- _Action item_
What the response needs is every record, repeated verbatim, and no images.

- _Excerpts from a dataset_
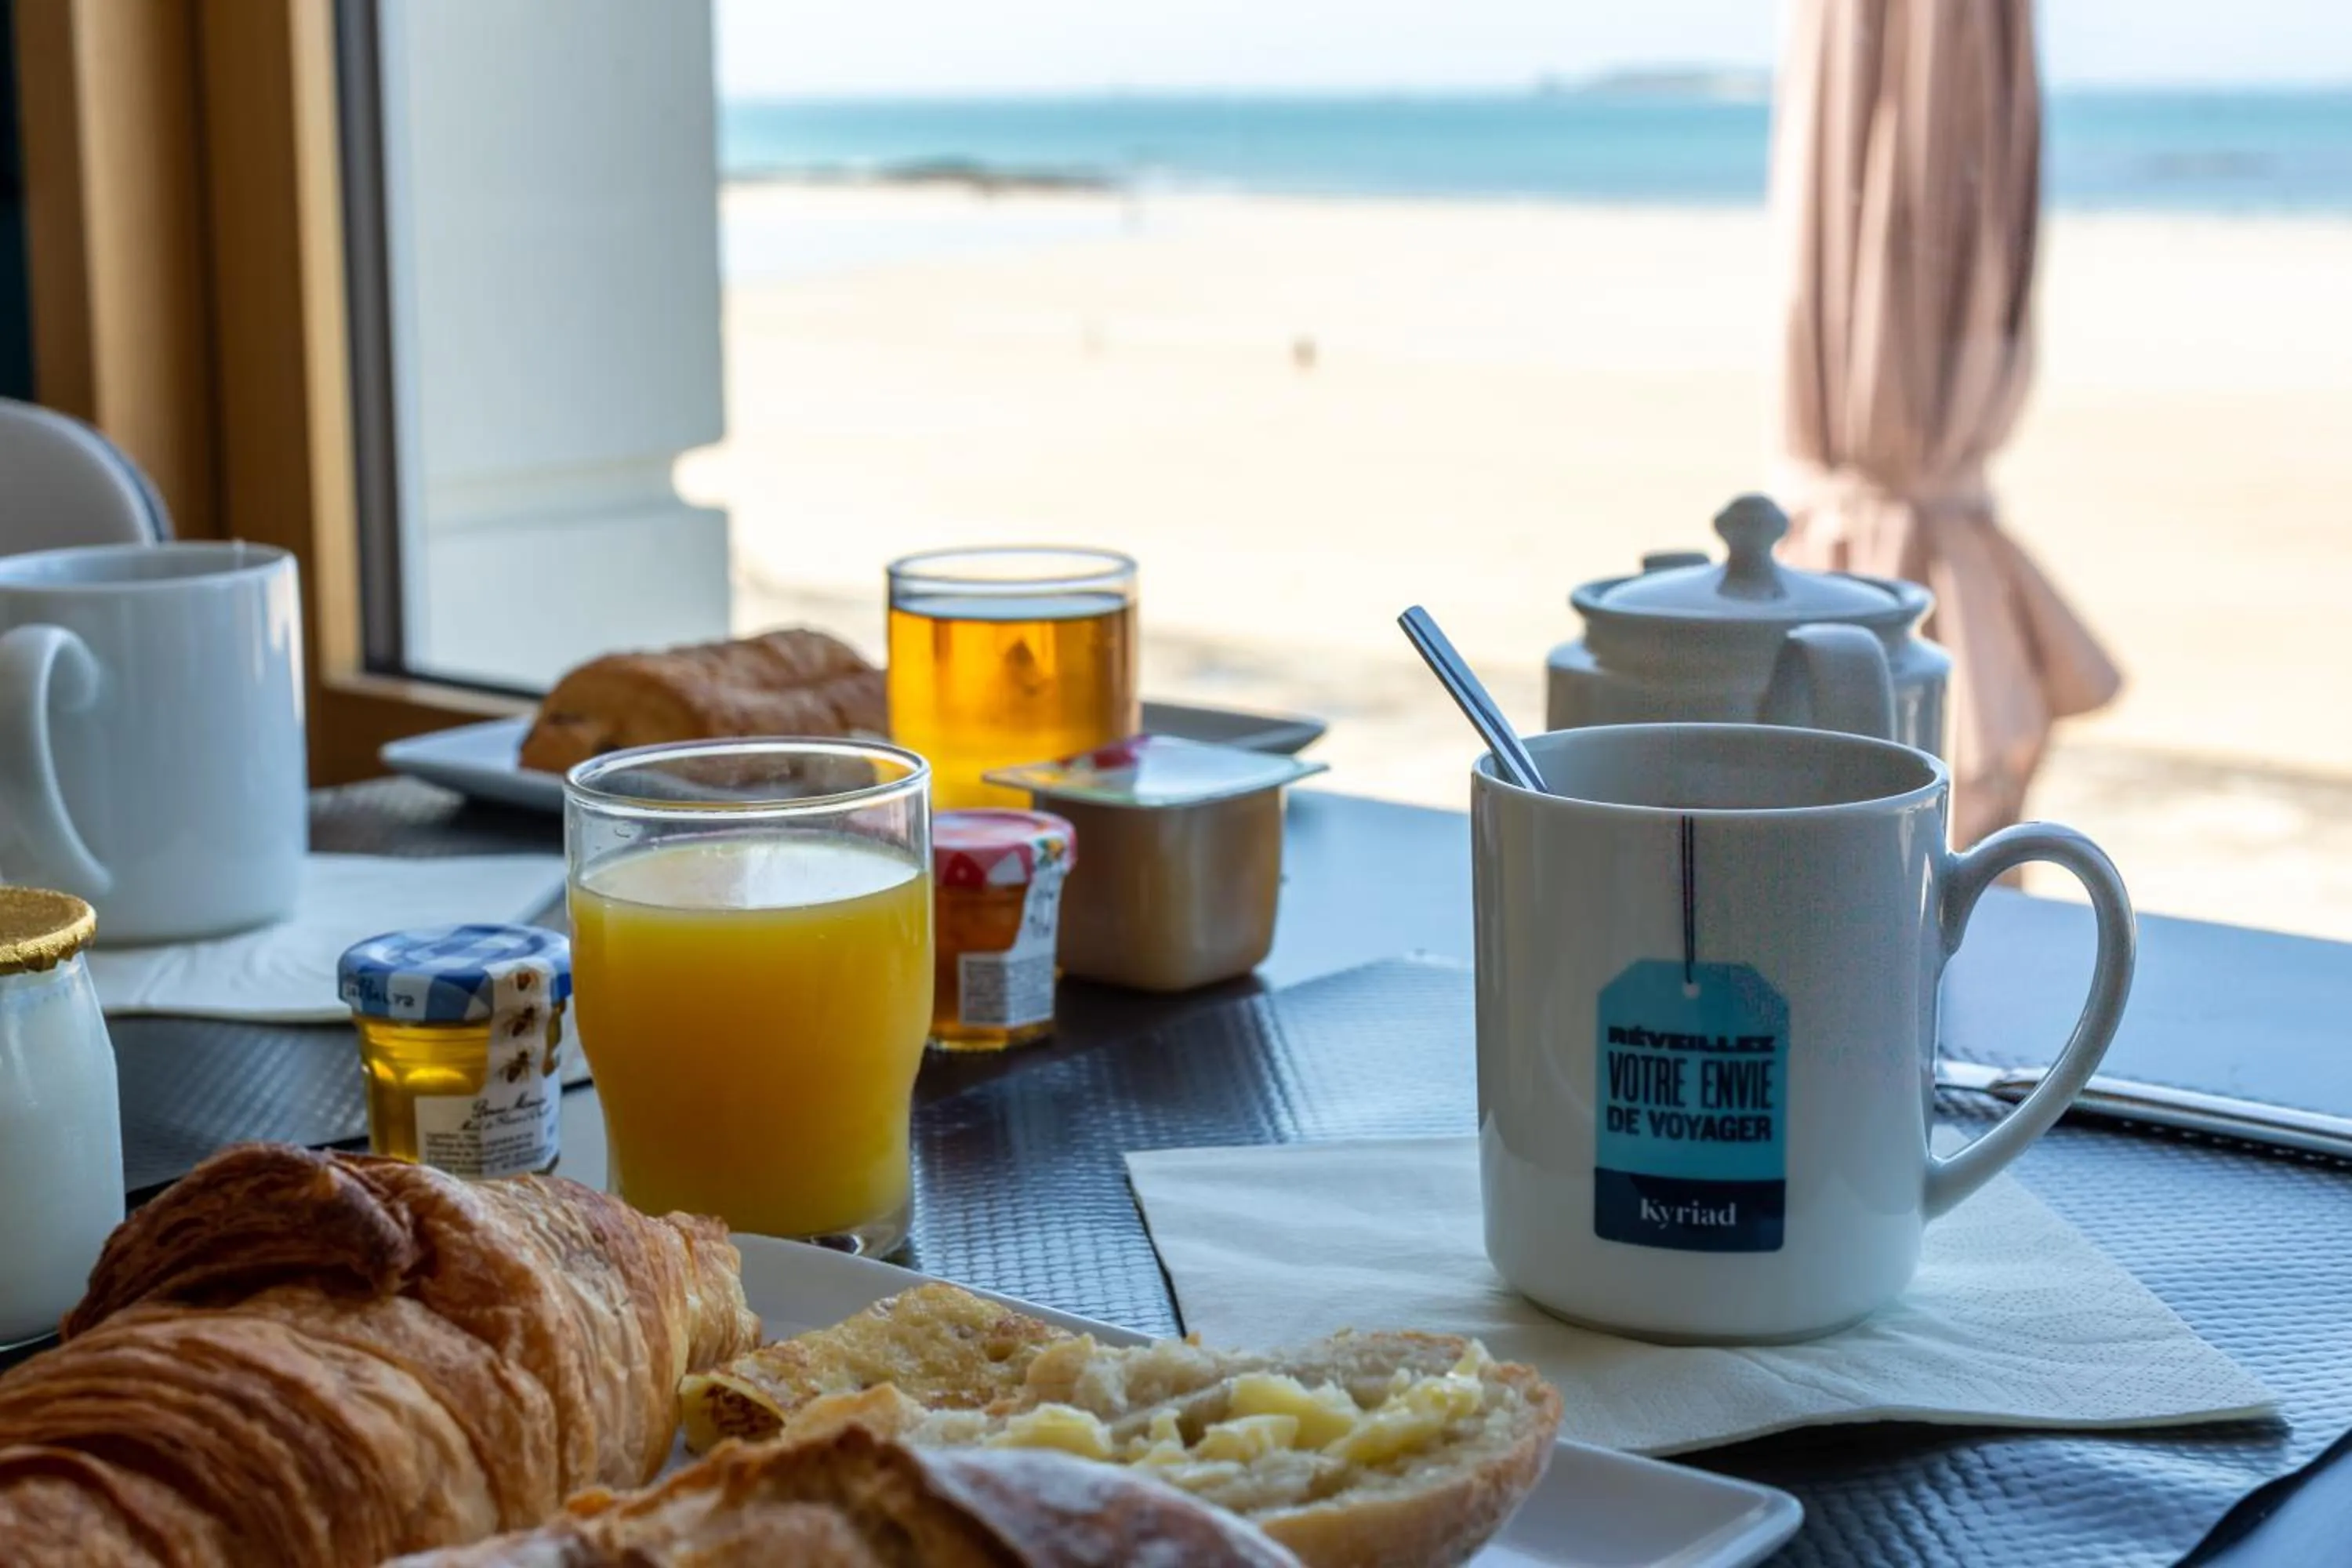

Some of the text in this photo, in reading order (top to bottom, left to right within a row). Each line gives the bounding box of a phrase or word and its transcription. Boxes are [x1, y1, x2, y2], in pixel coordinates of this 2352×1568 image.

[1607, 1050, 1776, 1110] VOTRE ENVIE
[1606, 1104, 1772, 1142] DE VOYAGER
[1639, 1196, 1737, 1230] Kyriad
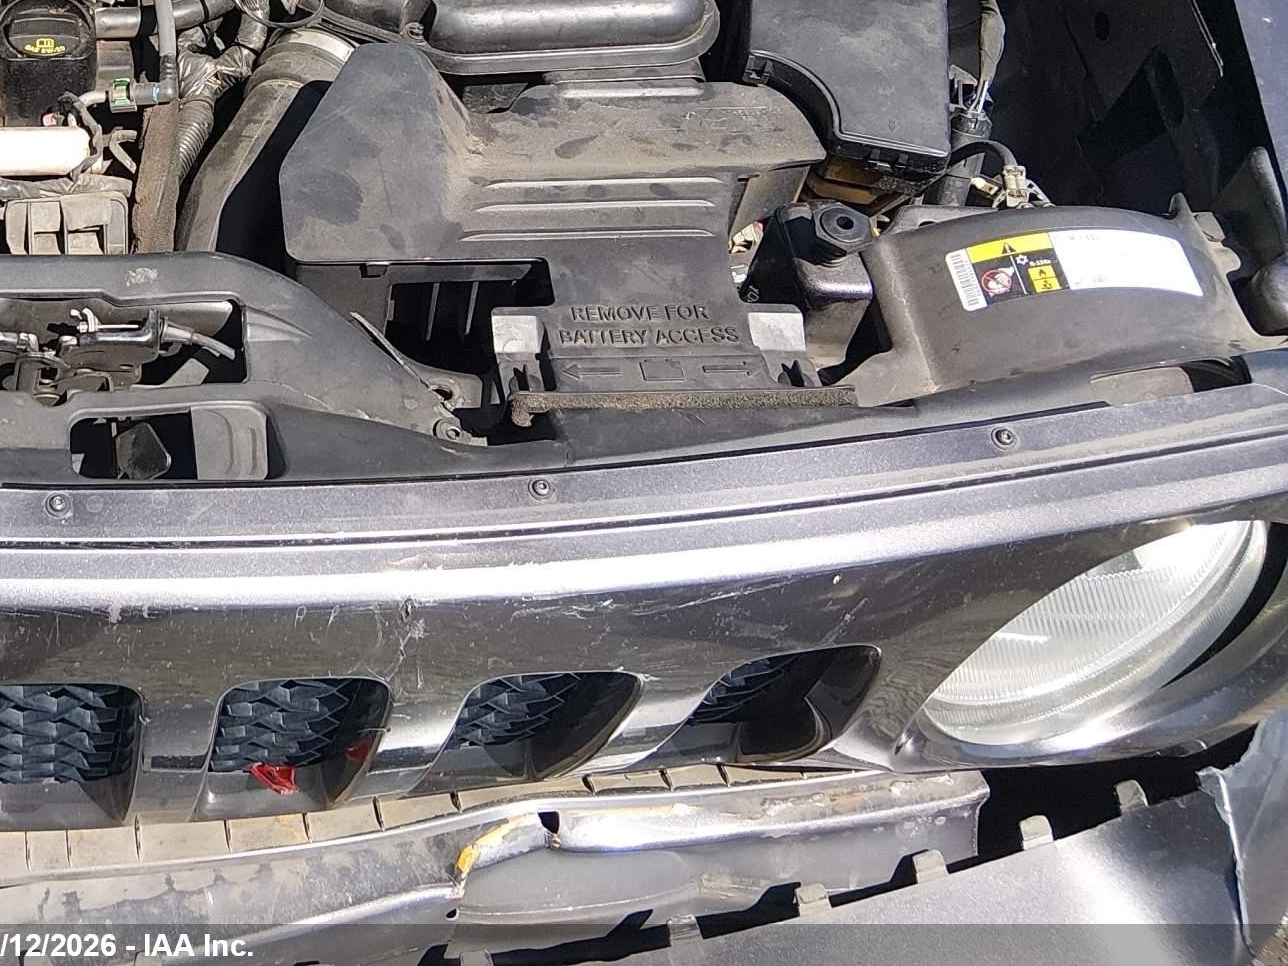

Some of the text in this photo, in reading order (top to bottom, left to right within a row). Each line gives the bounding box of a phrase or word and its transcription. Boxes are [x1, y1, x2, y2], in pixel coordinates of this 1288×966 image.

- _Reply to the task_
Some of the text in this photo, in reading order (top to bottom, left to right within a row). Each line gives the bounding box of a phrase or word and its transcription. Boxes are [x1, y1, x2, y2], in pixel coordinates of this 2352×1568 image.

[1607, 1050, 1776, 1110] VOTRE ENVIE
[1606, 1104, 1772, 1142] DE VOYAGER
[1639, 1196, 1737, 1230] Kyriad

Some of the text in this photo, in reading order (top to bottom, left to right within a row). Each line gives the bounding box of a phrase or word and its transcription. Boxes are [x1, y1, x2, y2], in pixel coordinates of this 1288×966 image.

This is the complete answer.